On Sunday, 25 November, the Indisch Herinneringscentrum held a meeting entitled ‘Indië Tabee?’ This gathering concluded the Gepeperd Verleden series of meetings looking at what a shared colonial heritage means from various perspectives. Researcher Remco Raben, who is involved with the Political Administrative Context project, and Stephanie Welvaart from Witnesses & Contemporaries took part in the meeting.
Our own past first
The discussions about the colonial past continue unabated. While criticism of colonialism is nothing new, it would appear that accusations regarding the fundamental inequality, violence and racism of colonial rule are only on the increase. Whether ‘the Netherlands’ has actually dissociated itself from its colonial views of the world is also a question that is being asked more frequently. Today, there are still many people living in the Netherlands who actually experienced the colonial era. This begs the question of how their personal memories relate to the shifts in understanding and to the debates about the colonial past. Can happy memories of an Indonesian childhood go hand in hand with criticism of colonialism? This issue was the focus of the fifth and final debate in a series entitled ‘Gepeperd Verleden’ (A Peppered Past) held over the past year and organized by the Indisch Herinneringscentrum.
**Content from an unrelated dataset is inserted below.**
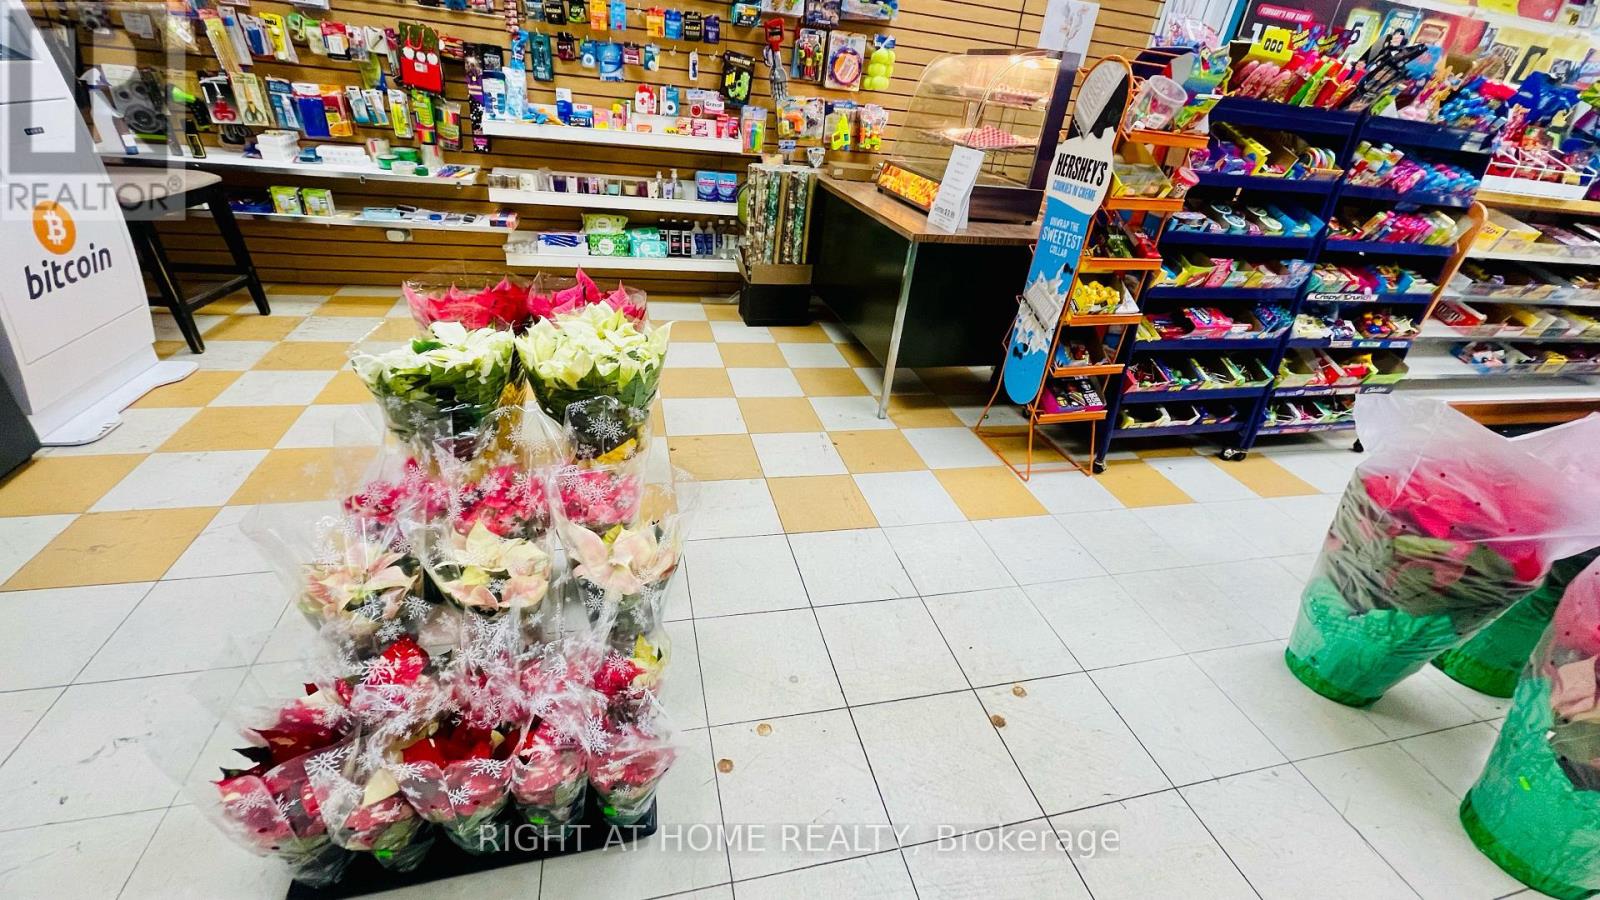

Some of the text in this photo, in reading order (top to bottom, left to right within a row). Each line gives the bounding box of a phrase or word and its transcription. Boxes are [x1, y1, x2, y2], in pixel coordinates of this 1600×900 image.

[1054, 152, 1108, 187] HERSHEY'S
[1041, 226, 1083, 251] SWEETEST
[24, 242, 112, 300] bitcoin
Personal memories are not held in isolation. They are in all kinds of ways intertwined or become entangled with other forms of historical consciousness, such as historiography and moral judgements made on colonialism. These three levels are mixed up with each other, leading to friction, a lot of confusion and debate.
This final edition of the Gepeperd Verleden series made this apparent, too. Guesting at the event was writer Kester Freriks, who in his recent pamphlet Tempo Doeloe, een omhelzing had argued for a ‘justification’ of the colonial past. After all, countless people cherish fond memories of their childhood years in the Dutch East Indies. While Freriks recognizes that there were also darker sides to the colonial past, he experiences the growing anticolonial criticism as being one-sided. Ultimately, he reasons, colonialism was not always quite as bad as is often claimed.
This argument is problematic, as it confuses personal memories with claims about the nature of the colonial regime. During the discussions, it became clear that in order to disentangle oneself, a clearer distinction needs to be made between the various levels of meaning given to the colonial past. This means also being able to confront your own memories with the stories of others, with more general histories, and with the shifts of morality through time. The fact is that fond memories of a colonial childhood, however indisputable they may be, are linked to the position that that person held within colonial society.
Memories, histories and morals grate against each other. And particularly at those points in stories where there is tension, where things become uncomfortable, there is a wealth of information to be found. As such, recollections of Tempo Doeloe, as they live on in the Netherlands, can form the starting point for further research. This is because these particular stories make clear how the colonial system worked and how it continues to affect memories. How do people look back on the colonial era? What do people talk about, and what do they not mention? Who plays the leading role in such memories, and who is assigned a supporting part?
One’s own perspective naturally predominates all memories. But a typically colonial characteristic is not questioning or only barely questioning one’s own privileges and the inequalities in society, which, after all, greatly determined or had a considerable influence on personal experiences and memories. It is therefore essential to ensure that space is accorded to the various different perspectives and that these all stand side by side. In order to arrive at a balanced history, stories are needed that challenge the dominant Dutch narrative and show us our blind spots.
However, the idea that all personal stories taken together form history is far too simplistic. A history can never do justice to all individual experiences. We must also be aware of the fact that choices always need to be made, which means that some stories do get heard or told, while others do not. Certain personal and collective stories are more dominant in the public representation of the colonial past, and some perspectives have a stronger presence than others. As the Indonesian writer and journalist Joss Wibisono remarked during the discussion at the Gepeperd Verleden event, Indonesians are almost always extras in the Dutch stories told about the colonial era.
Those gathering and telling stories bear a great responsibility to do justice to the complexity of colonial recollection, and to allocate a place not only to the personal experiences of Dutch nationals but also to those of people from a variety of backgrounds, such as Indonesians, Indo-Europeans, Chinese nationals and others. Personal stories can then serve to correct and highlight, and form a means of escaping ideas about the past that are often so schematic and dominant.